→ **REQUIREMENT**:
Exact reproduction is required for all entries.

[[ DATA SUPPLIED open ]]

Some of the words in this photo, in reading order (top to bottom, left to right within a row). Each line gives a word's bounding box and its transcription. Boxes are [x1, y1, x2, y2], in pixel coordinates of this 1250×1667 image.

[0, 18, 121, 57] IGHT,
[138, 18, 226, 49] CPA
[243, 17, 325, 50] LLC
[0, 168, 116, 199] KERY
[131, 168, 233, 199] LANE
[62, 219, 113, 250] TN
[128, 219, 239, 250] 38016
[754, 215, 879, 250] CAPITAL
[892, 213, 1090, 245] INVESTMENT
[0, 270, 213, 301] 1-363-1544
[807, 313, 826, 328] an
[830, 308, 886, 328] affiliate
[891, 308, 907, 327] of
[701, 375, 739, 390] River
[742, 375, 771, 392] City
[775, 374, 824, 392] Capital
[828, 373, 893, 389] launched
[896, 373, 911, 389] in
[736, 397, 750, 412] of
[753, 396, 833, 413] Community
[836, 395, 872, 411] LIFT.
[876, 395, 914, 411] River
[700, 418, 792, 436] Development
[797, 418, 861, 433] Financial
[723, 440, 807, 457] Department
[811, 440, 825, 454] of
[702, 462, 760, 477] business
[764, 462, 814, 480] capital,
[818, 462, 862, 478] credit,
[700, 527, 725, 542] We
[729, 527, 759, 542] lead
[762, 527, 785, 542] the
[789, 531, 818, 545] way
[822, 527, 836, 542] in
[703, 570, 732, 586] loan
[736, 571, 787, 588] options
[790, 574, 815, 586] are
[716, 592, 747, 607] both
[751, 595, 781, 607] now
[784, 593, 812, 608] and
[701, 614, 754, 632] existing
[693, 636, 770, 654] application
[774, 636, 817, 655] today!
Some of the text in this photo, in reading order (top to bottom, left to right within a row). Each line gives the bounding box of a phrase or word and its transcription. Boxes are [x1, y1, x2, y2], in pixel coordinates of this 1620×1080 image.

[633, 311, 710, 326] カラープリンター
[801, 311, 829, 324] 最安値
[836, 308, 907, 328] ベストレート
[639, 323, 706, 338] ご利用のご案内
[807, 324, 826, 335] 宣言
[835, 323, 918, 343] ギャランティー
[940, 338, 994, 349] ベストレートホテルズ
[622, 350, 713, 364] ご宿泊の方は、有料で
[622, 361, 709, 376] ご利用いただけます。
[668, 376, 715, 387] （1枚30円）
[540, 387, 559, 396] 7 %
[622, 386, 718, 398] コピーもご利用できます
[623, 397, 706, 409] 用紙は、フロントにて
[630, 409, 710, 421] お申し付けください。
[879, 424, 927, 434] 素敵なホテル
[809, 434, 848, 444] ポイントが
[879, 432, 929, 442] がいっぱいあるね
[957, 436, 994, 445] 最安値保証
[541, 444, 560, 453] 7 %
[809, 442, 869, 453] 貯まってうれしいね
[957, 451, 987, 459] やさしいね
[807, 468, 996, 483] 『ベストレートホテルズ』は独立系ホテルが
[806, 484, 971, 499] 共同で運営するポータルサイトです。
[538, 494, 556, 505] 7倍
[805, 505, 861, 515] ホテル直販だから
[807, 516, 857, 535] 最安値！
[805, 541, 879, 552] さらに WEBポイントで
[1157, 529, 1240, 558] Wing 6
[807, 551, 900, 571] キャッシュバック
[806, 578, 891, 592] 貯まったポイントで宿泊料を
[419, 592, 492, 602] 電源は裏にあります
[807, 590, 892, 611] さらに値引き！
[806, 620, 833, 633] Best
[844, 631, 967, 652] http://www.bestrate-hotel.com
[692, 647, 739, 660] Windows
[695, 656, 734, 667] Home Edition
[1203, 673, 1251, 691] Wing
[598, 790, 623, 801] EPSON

[[ DATA SUPPLIED closed ]]

→ **ANSWER BOX**:
Some of the words in this photo, in reading order (top to bottom, left to right within a row). Each line gives a word's bounding box and its transcription. Boxes are [x1, y1, x2, y2], in pixel coordinates of this 1250×1667 image.

[0, 18, 121, 57] IGHT,
[138, 18, 226, 49] CPA
[243, 17, 325, 50] LLC
[0, 168, 116, 199] KERY
[131, 168, 233, 199] LANE
[62, 219, 113, 250] TN
[128, 219, 239, 250] 38016
[754, 215, 879, 250] CAPITAL
[892, 213, 1090, 245] INVESTMENT
[0, 270, 213, 301] 1-363-1544
[807, 313, 826, 328] an
[830, 308, 886, 328] affiliate
[891, 308, 907, 327] of
[701, 375, 739, 390] River
[742, 375, 771, 392] City
[775, 374, 824, 392] Capital
[828, 373, 893, 389] launched
[896, 373, 911, 389] in
[736, 397, 750, 412] of
[753, 396, 833, 413] Community
[836, 395, 872, 411] LIFT.
[876, 395, 914, 411] River
[700, 418, 792, 436] Development
[797, 418, 861, 433] Financial
[723, 440, 807, 457] Department
[811, 440, 825, 454] of
[702, 462, 760, 477] business
[764, 462, 814, 480] capital,
[818, 462, 862, 478] credit,
[700, 527, 725, 542] We
[729, 527, 759, 542] lead
[762, 527, 785, 542] the
[789, 531, 818, 545] way
[822, 527, 836, 542] in
[703, 570, 732, 586] loan
[736, 571, 787, 588] options
[790, 574, 815, 586] are
[716, 592, 747, 607] both
[751, 595, 781, 607] now
[784, 593, 812, 608] and
[701, 614, 754, 632] existing
[693, 636, 770, 654] application
[774, 636, 817, 655] today!
Some of the text in this photo, in reading order (top to bottom, left to right within a row). Each line gives the bounding box of a phrase or word and its transcription. Boxes are [x1, y1, x2, y2], in pixel coordinates of this 1620×1080 image.

[633, 311, 710, 326] カラープリンター
[801, 311, 829, 324] 最安値
[836, 308, 907, 328] ベストレート
[639, 323, 706, 338] ご利用のご案内
[807, 324, 826, 335] 宣言
[835, 323, 918, 343] ギャランティー
[940, 338, 994, 349] ベストレートホテルズ
[622, 350, 713, 364] ご宿泊の方は、有料で
[622, 361, 709, 376] ご利用いただけます。
[668, 376, 715, 387] （1枚30円）
[540, 387, 559, 396] 7 %
[622, 386, 718, 398] コピーもご利用できます
[623, 397, 706, 409] 用紙は、フロントにて
[630, 409, 710, 421] お申し付けください。
[879, 424, 927, 434] 素敵なホテル
[809, 434, 848, 444] ポイントが
[879, 432, 929, 442] がいっぱいあるね
[957, 436, 994, 445] 最安値保証
[541, 444, 560, 453] 7 %
[809, 442, 869, 453] 貯まってうれしいね
[957, 451, 987, 459] やさしいね
[807, 468, 996, 483] 『ベストレートホテルズ』は独立系ホテルが
[806, 484, 971, 499] 共同で運営するポータルサイトです。
[538, 494, 556, 505] 7倍
[805, 505, 861, 515] ホテル直販だから
[807, 516, 857, 535] 最安値！
[805, 541, 879, 552] さらに WEBポイントで
[1157, 529, 1240, 558] Wing 6
[807, 551, 900, 571] キャッシュバック
[806, 578, 891, 592] 貯まったポイントで宿泊料を
[419, 592, 492, 602] 電源は裏にあります
[807, 590, 892, 611] さらに値引き！
[806, 620, 833, 633] Best
[844, 631, 967, 652] http://www.bestrate-hotel.com
[692, 647, 739, 660] Windows
[695, 656, 734, 667] Home Edition
[1203, 673, 1251, 691] Wing
[598, 790, 623, 801] EPSON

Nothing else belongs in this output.